Era a outra realidade.
A realidade dela.
A mesma verdade sentida por outro coração.
O reflexo para lá do espelho.
Como se o espelho se reflectisse em nós, e não nós nele.
"Conheço-te desde sempre.
Ou pelo menos desde o século passado.
Arrisco a dizer que éramos amigos.
Passávamos o dia inteiro juntos.
Fazias-me rir.
Pegavas-me ao colo para eu perceber que não era gorda.
Obrigavas-me a comer cheesechake e bolo de bolacha.
Íamos às compras.
Algumas vezes zangaste-te comigo.
Não me falavas.
Eu sofria imenso com isso.
Depois passava e continuava-mos amigos como dantes.
Um dia achei que essa cumplicidade toda era perigosa.
Achei que era uma questão de tempo, antes que acontecesse alguma coisa.
Afastei-me de ti.
Sei que te magoei.
Deixaste de falar comigo.
Custou-me imenso.
Casaste-te.
Toda a gente ficou super contente.
Menos eu.
Odiei a ideia. Não percebi bem porquê.
Foram todos ao casamento, menos eu.
Fiz birra. Inventei uma desculpa qualquer que não convenceu ninguém.
Nem a mim própria.
Vi-te poucas vezes depois disso.
Não senti muito a tua falta.
Achei que devias estar muito feliz.
Um dia soube que estavas a divorciar-te.
Por um lado fiquei com pena.
Achei que devias estar a sofrer imenso com isso.
Não queria que sofresses, não mereces.
Por outro, fiquei contente.
Desculpa a sinceridade.
Não sei porquê, mas fiquei contente.
Há pouco tempo pediste-me para te dactilografar uns textos.
Uma frase que me chateou à brava.
"...E fizeram amor como se não houvesse amanhã..."
Não me apeteceu ler o resto.
Odiei aquela mulher.
Não sei bem porquê.
Convidaste-me para almoçar.
Já tínhamos almoçado juntos milhares de vezes.
Fiquei contente. Vesti uma saia!
Não sei bem porquê.
O almoço correu bem.
Bebemos Sangria.
Bebemos Sangria a mais.
Falámos imenso, como sempre.
Rimos imenso, como sempre.
Atendeste um telefonema.
Mandaste um beijo a alguém.
Não gostei nada. Não sei bem porquê.
Despedimo-nos. Com dois beijos. Como sempre.

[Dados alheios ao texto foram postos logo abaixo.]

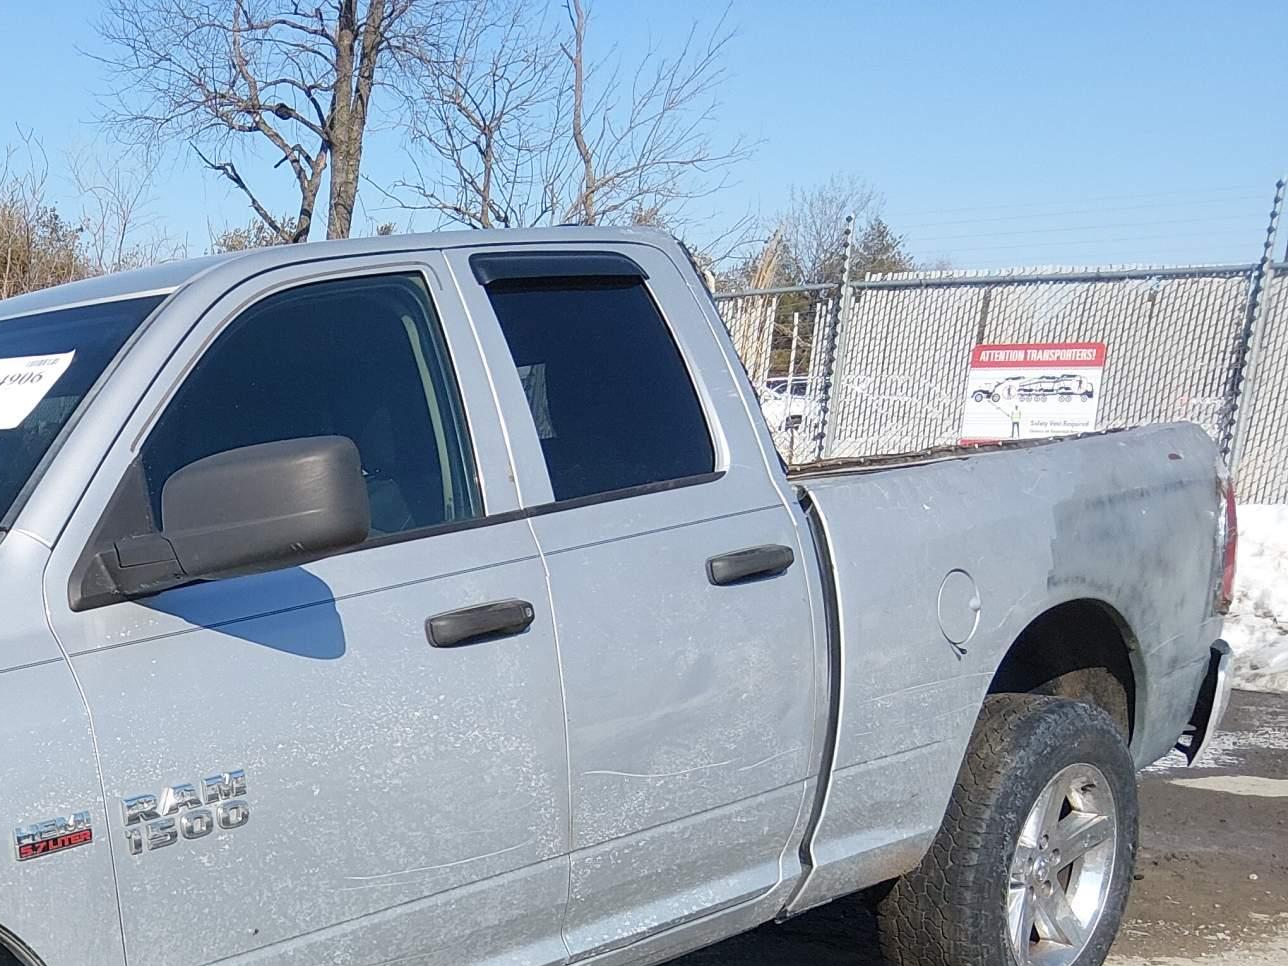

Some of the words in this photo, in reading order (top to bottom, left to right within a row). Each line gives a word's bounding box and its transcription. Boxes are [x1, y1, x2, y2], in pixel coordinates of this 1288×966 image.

Tive vontade de te beijar.
Beijar a sério.
Tive vontade de te abraçar.
Não sei bem porquê.
Devia ser da Sangria.
Lavei a cara com água fria.
Não adiantou nada.
Continuei com aquela sensação estranha.
Tive vontade de fazer amor contigo.
Era definitivamente por causa da Sangria.

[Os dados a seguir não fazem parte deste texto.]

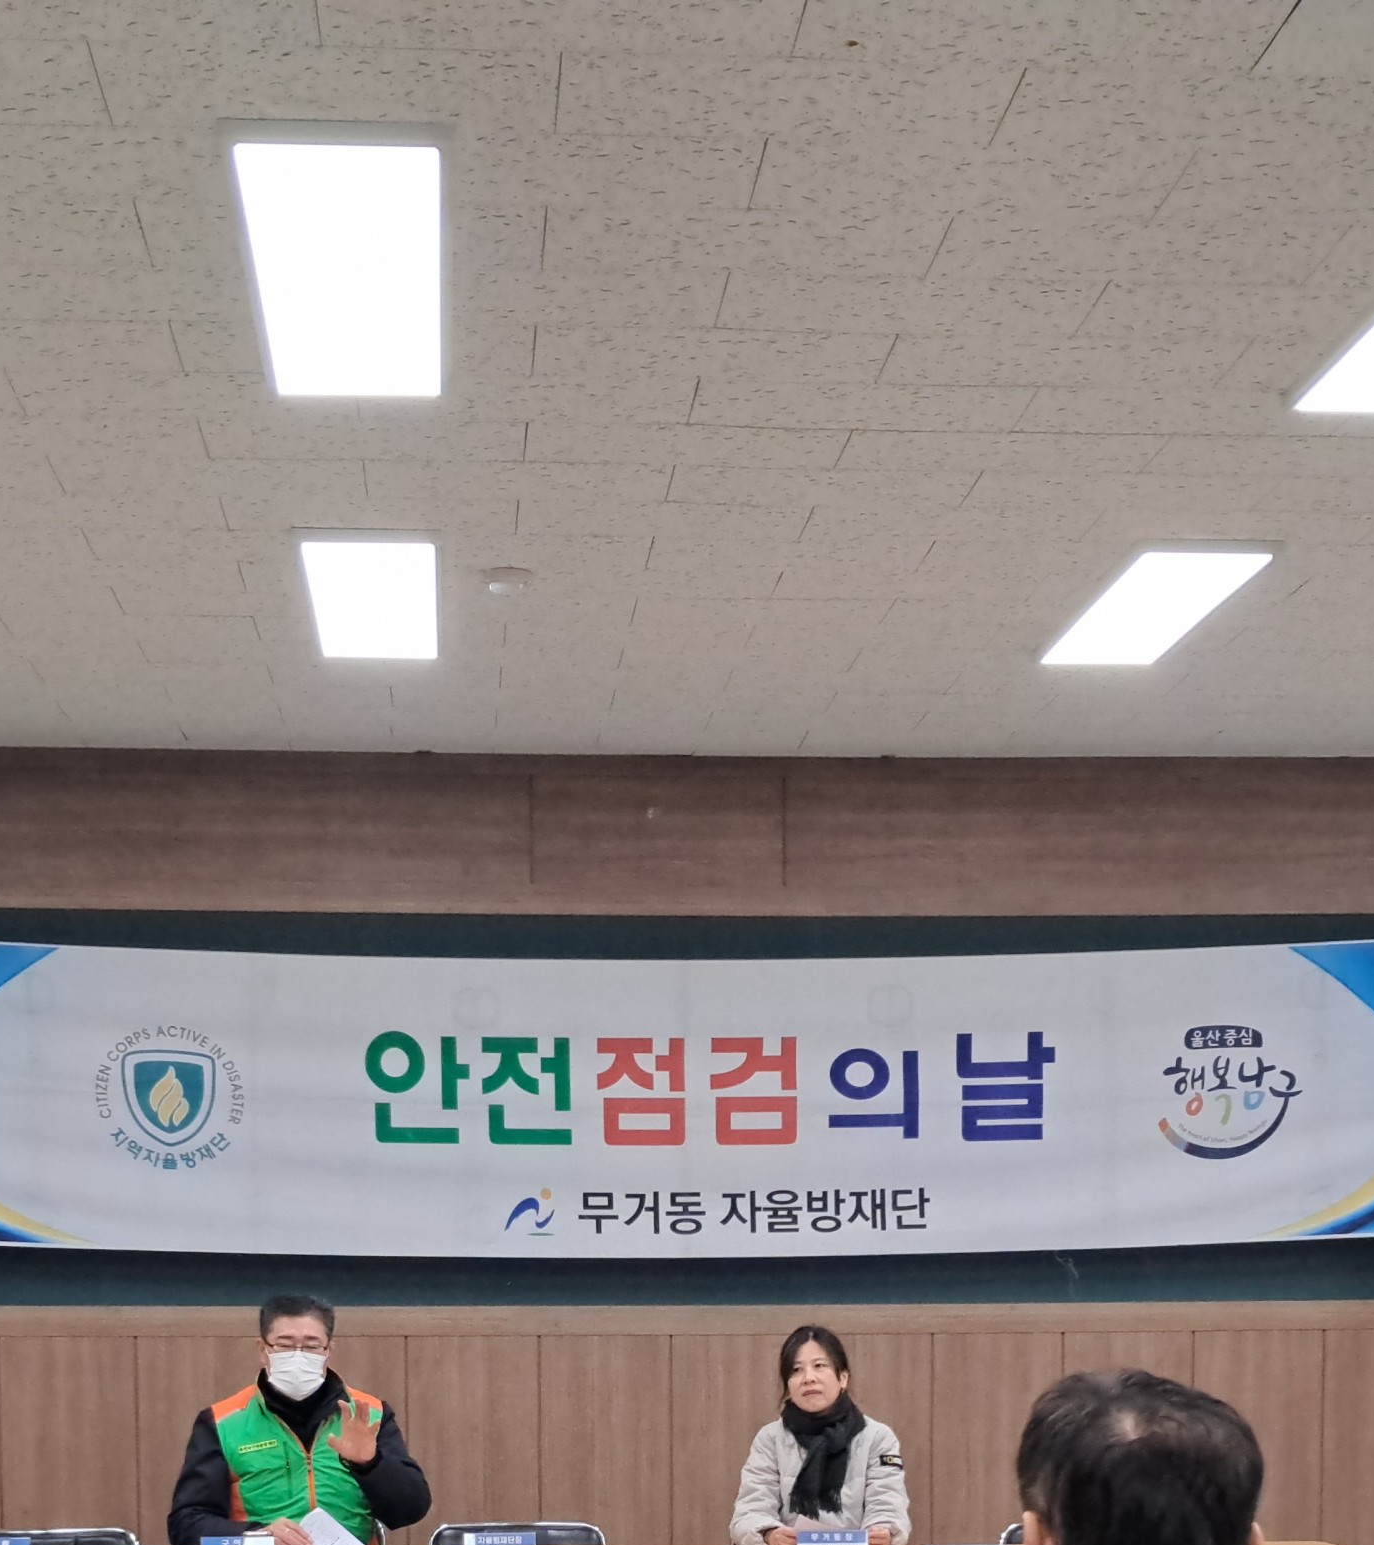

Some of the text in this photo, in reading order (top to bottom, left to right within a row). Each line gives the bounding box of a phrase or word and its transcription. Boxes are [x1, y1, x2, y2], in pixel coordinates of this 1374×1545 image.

[95, 1025, 245, 1125] CITIZEN CORPS ACTIVE IN DISASTER
[110, 1127, 231, 1170] 지역자율방재단
[578, 1187, 930, 1235] 무거동 자율방재단

Fiz uma nota: Nunca mais beber Sangria.
Enviei-te uma mensagem.
Por impulso. Nem pensei no assunto.
"Achas que a sangria é afrodisiaca?"
Não pensei que fosses responder.
Quanto muito, achei que ias brincar com o assunto.
Respondeste.
"Hoje tenho a certeza que sim. "
Corei. Suei. Lavei outra vez a cara. Água fria.
Enviei-te outra mensagem.
Respondeste novamente.
Quis parar. Ignorar-te.
Não consegui. Maldita Sangria!
Estive todo o dia à espera das tuas mensagens.
De cada vez que respondias, sabia que não havia retorno.
Estava a acontecer qualquer coisa.
Não dormi nada.
Resolvi não escrever-te mais.
Pura e simplesmente ignorar-te.
Já tinha passado o efeito do álcool.
Não consegui.
Marcámos um encontro. Café.
Pensei que não conseguisse olhar para ti.
Quanto mais falar contigo.
Estávamos nervosos. Via-se ao longe.
Aquela mesma sensação.
Vontade de te beijar.
Beijei-te.
Não pensei ter coragem para o fazer.
Tive receio que me dissesses que não.
Que parasse com aquela parvoice toda.
Não o fizeste.
Beijaste-me.
Adorei.
Não senti culpa nenhuma.
Já passaram quase dois meses.
Vêmo-nos quase todos os dias.
Sei que fazes enorme esforço para poder estar comigo todos os dias.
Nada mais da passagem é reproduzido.